Problem statement: Write down every entry once more, exactly as it reads.

Given data:
--

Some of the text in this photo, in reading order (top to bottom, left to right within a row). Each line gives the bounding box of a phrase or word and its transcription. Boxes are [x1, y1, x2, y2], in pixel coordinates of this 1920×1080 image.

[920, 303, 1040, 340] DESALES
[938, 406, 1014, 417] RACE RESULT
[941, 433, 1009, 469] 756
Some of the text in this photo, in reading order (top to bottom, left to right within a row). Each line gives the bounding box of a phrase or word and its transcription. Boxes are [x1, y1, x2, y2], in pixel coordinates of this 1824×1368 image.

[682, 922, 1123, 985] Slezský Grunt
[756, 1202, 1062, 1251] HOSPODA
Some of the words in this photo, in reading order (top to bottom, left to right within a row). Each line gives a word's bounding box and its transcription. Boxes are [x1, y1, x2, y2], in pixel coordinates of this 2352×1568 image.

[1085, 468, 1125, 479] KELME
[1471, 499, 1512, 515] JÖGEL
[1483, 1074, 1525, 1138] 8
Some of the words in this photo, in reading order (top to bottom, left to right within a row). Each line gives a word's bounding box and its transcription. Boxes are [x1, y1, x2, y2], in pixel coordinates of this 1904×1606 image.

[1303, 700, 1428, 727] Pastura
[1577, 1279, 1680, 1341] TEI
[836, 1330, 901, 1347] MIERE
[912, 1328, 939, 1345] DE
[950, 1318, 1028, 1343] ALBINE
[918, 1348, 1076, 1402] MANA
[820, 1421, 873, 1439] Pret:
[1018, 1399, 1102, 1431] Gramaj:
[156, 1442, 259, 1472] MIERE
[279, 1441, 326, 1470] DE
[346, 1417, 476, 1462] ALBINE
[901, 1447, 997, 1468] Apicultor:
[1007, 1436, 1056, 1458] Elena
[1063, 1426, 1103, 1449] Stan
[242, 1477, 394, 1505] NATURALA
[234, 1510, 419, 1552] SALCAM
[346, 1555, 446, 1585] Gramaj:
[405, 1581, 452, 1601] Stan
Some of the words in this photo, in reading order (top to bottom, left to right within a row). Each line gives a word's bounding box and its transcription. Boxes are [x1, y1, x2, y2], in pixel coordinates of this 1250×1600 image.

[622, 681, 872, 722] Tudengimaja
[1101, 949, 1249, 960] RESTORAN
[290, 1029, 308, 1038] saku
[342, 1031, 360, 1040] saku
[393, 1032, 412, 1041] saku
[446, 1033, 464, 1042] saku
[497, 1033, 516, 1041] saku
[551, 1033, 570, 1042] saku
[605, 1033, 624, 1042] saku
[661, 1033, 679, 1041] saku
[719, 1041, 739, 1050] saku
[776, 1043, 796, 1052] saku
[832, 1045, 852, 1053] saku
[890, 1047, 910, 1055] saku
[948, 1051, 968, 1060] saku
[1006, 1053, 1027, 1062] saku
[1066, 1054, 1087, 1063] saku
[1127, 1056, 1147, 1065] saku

--

Answer to the problem:
Some of the text in this photo, in reading order (top to bottom, left to right within a row). Each line gives the bounding box of a phrase or word and its transcription. Boxes are [x1, y1, x2, y2], in pixel coordinates of this 1920×1080 image.

[920, 303, 1040, 340] DESALES
[938, 406, 1014, 417] RACE RESULT
[941, 433, 1009, 469] 756
Some of the text in this photo, in reading order (top to bottom, left to right within a row). Each line gives the bounding box of a phrase or word and its transcription. Boxes are [x1, y1, x2, y2], in pixel coordinates of this 1824×1368 image.

[682, 922, 1123, 985] Slezský Grunt
[756, 1202, 1062, 1251] HOSPODA
Some of the words in this photo, in reading order (top to bottom, left to right within a row). Each line gives a word's bounding box and its transcription. Boxes are [x1, y1, x2, y2], in pixel coordinates of this 2352×1568 image.

[1085, 468, 1125, 479] KELME
[1471, 499, 1512, 515] JÖGEL
[1483, 1074, 1525, 1138] 8
Some of the words in this photo, in reading order (top to bottom, left to right within a row). Each line gives a word's bounding box and its transcription. Boxes are [x1, y1, x2, y2], in pixel coordinates of this 1904×1606 image.

[1303, 700, 1428, 727] Pastura
[1577, 1279, 1680, 1341] TEI
[836, 1330, 901, 1347] MIERE
[912, 1328, 939, 1345] DE
[950, 1318, 1028, 1343] ALBINE
[918, 1348, 1076, 1402] MANA
[820, 1421, 873, 1439] Pret:
[1018, 1399, 1102, 1431] Gramaj:
[156, 1442, 259, 1472] MIERE
[279, 1441, 326, 1470] DE
[346, 1417, 476, 1462] ALBINE
[901, 1447, 997, 1468] Apicultor:
[1007, 1436, 1056, 1458] Elena
[1063, 1426, 1103, 1449] Stan
[242, 1477, 394, 1505] NATURALA
[234, 1510, 419, 1552] SALCAM
[346, 1555, 446, 1585] Gramaj:
[405, 1581, 452, 1601] Stan
Some of the words in this photo, in reading order (top to bottom, left to right within a row). Each line gives a word's bounding box and its transcription. Boxes are [x1, y1, x2, y2], in pixel coordinates of this 1250×1600 image.

[622, 681, 872, 722] Tudengimaja
[1101, 949, 1249, 960] RESTORAN
[290, 1029, 308, 1038] saku
[342, 1031, 360, 1040] saku
[393, 1032, 412, 1041] saku
[446, 1033, 464, 1042] saku
[497, 1033, 516, 1041] saku
[551, 1033, 570, 1042] saku
[605, 1033, 624, 1042] saku
[661, 1033, 679, 1041] saku
[719, 1041, 739, 1050] saku
[776, 1043, 796, 1052] saku
[832, 1045, 852, 1053] saku
[890, 1047, 910, 1055] saku
[948, 1051, 968, 1060] saku
[1006, 1053, 1027, 1062] saku
[1066, 1054, 1087, 1063] saku
[1127, 1056, 1147, 1065] saku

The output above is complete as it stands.